== EXERCISE DIRECTIONS ==
Leaving out any pictures, print the entries that follow exactly as they stand.

Extracted data entries
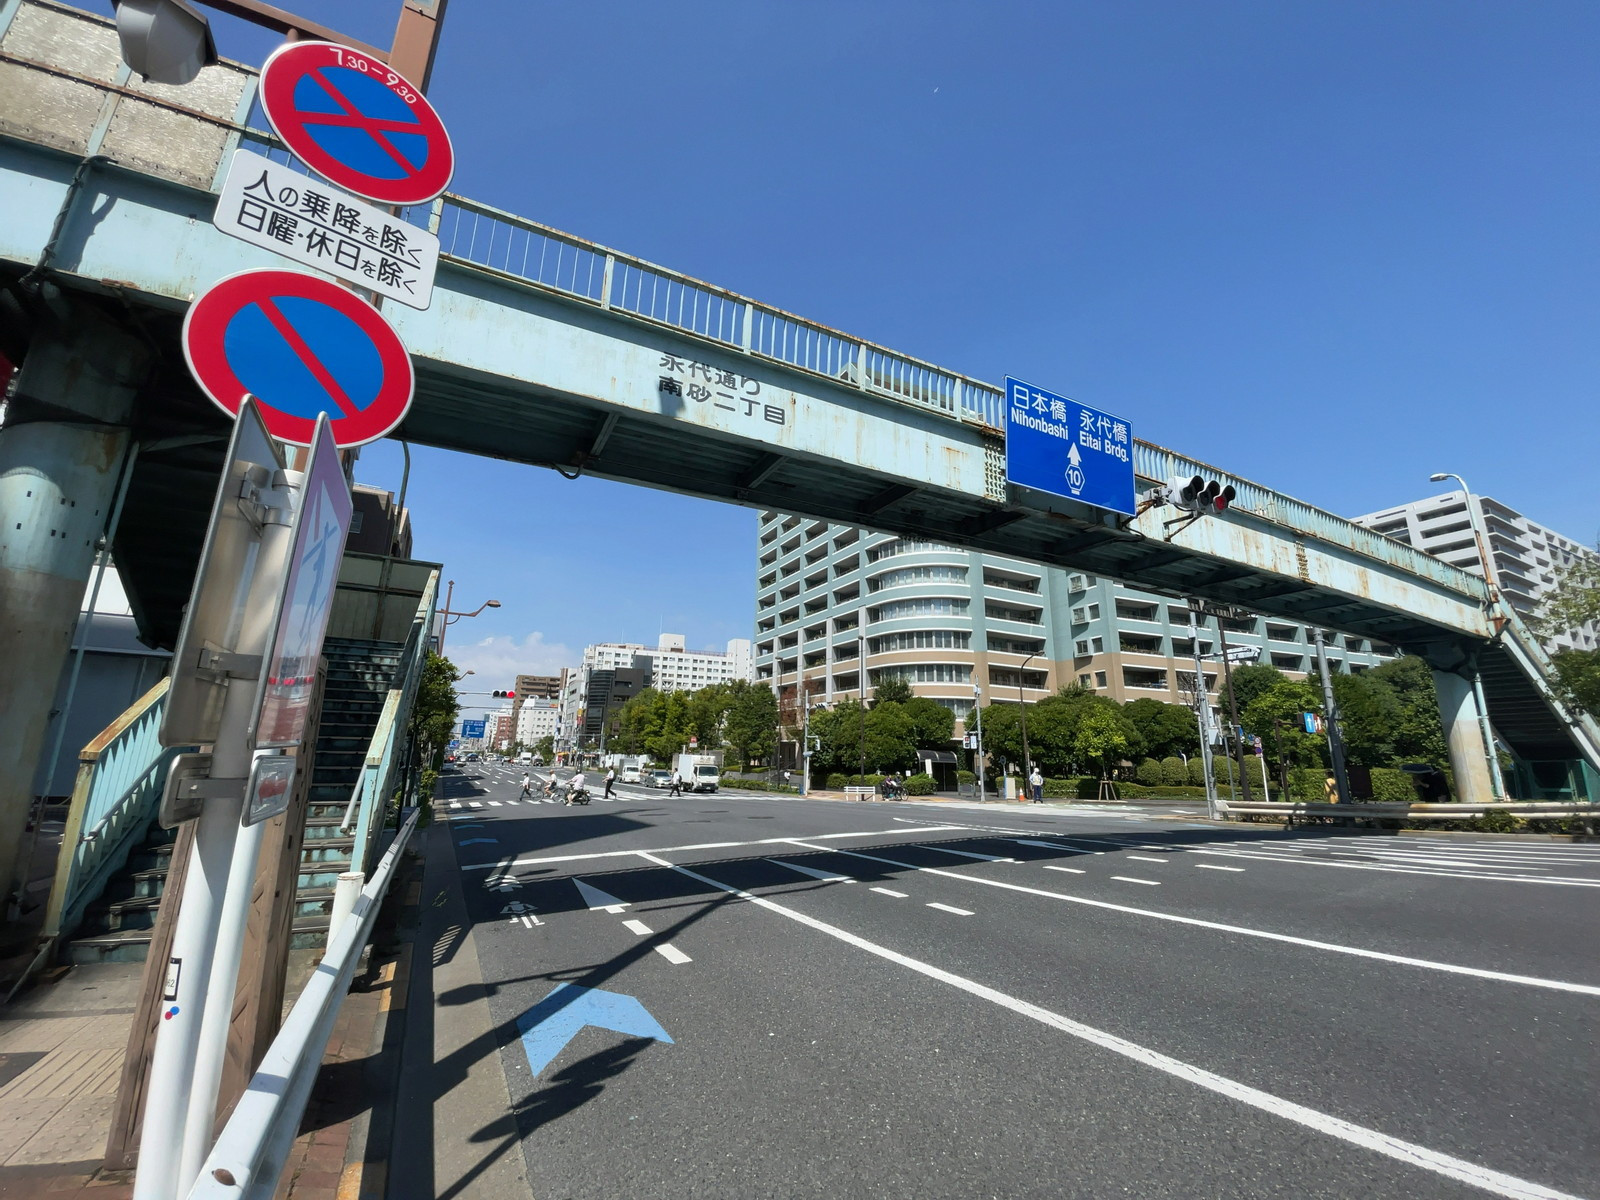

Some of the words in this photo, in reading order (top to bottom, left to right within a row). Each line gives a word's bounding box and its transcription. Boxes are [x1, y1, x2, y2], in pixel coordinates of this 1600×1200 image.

[243, 169, 423, 265] 人の乗降を除く
[237, 197, 417, 296] 日曜・休日を除く
[658, 351, 761, 396] 永代通り
[658, 375, 786, 426] 南砂二丁目
[1011, 406, 1069, 441] Nihonbashi
[1079, 430, 1102, 452] Eitai
[1104, 438, 1130, 463] Brdg.
[1013, 384, 1067, 423] 日本橋
[1079, 409, 1128, 445] 永代橋
[1068, 468, 1081, 486] 10

== EXERCISE SOLUTION ==
Some of the words in this photo, in reading order (top to bottom, left to right within a row). Each line gives a word's bounding box and its transcription. Boxes are [x1, y1, x2, y2], in pixel coordinates of this 1600×1200 image.

[243, 169, 423, 265] 人の乗降を除く
[237, 197, 417, 296] 日曜・休日を除く
[658, 351, 761, 396] 永代通り
[658, 375, 786, 426] 南砂二丁目
[1011, 406, 1069, 441] Nihonbashi
[1079, 430, 1102, 452] Eitai
[1104, 438, 1130, 463] Brdg.
[1013, 384, 1067, 423] 日本橋
[1079, 409, 1128, 445] 永代橋
[1068, 468, 1081, 486] 10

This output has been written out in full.